Sie beschäftigt sich für ihre Partei mit humanitärer Hilfe, globaler Gesundheit und Entwicklungspolitik im Deutschen Bundestag. »Um das schwerste menschliche Leid zu lindern, fordere ich für schwer verletzte und schwer kranke Zivilistinnen und Zivilisten eine humanitäre Evakuierungsaktion aus Gaza über die Nachbarländer und deren Aufnahme in Deutschland und anderen Ländern der Europäischen Union.«
Im Gazastreifen warten nach Angaben der palästinensischen Behörden mehr als 5300 verwundete Menschen auf eine Evakuierung. Angaben des Uno-Nothilfebüros OCHA zufolge können sie vor Ort nicht ausreichend behandelt werden.

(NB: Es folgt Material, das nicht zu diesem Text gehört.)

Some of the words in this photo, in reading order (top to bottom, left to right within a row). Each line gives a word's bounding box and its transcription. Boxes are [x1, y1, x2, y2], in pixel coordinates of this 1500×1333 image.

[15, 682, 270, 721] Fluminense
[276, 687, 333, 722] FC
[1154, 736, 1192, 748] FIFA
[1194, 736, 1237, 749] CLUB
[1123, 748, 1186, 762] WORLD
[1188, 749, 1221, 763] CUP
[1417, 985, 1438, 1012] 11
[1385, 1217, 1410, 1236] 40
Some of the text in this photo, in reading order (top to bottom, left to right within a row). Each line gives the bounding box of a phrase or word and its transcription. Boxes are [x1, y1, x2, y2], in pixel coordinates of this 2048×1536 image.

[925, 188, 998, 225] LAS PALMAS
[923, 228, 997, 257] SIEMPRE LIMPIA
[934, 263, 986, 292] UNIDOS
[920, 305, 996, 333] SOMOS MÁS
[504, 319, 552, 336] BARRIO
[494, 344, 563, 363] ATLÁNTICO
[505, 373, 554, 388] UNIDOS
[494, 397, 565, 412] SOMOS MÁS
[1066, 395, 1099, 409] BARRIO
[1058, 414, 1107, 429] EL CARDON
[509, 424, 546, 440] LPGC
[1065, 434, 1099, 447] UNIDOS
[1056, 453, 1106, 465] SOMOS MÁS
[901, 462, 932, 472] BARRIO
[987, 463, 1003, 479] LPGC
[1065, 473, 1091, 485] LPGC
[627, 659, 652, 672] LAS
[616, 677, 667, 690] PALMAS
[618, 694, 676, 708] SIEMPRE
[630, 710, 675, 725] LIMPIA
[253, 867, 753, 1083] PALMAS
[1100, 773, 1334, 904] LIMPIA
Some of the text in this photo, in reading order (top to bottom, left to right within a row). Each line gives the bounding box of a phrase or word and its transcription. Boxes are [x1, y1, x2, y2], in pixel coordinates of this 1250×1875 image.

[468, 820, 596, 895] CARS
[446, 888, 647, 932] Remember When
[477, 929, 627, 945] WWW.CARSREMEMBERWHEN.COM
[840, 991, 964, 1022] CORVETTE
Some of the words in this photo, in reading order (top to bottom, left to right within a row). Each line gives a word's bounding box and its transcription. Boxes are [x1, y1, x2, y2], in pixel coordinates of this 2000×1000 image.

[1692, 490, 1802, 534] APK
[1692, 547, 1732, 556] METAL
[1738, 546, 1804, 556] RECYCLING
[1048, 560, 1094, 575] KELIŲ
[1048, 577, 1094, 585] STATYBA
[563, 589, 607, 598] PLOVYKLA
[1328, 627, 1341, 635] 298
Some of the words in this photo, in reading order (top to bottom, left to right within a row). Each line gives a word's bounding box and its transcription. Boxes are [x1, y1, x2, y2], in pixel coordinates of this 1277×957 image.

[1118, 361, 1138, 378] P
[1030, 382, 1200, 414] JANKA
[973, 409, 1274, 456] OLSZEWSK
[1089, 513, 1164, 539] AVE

Patienten würden laut Weltgesundheitsorganisation nicht behandelt, sondern würden »verhungern und verdursten«.
Nach Wunsch der Linken solle die Bundesregierung »als Nothilfemaßnahme die Einrichtung eines humanitären Sofort-Aufnahmeprogramms für schwer kranke und schwer verletzte Menschen aus Gaza nach Deutschland und andere Länder der EU« starten.
Es benötige eine schnelle und unbürokratische Evakuierungsaktion für eine geregelte Ausreise der Betroffenen aus dem Kriegsgebiet Gaza in Kooperation mit dem Roten Kreuz, Roten Halbmond und den Organisationen der Vereinten Nationen. Um Terroristen nicht in die Hände zu spielen, sollen die Geheimdienste eingebunden werden. »Die Sicherheitsdienste müssen in Kooperation prüfen und sicherstellen, dass es sich bei den evakuierten Schwerverletzten um Zivilisten handelt«, so Möhring.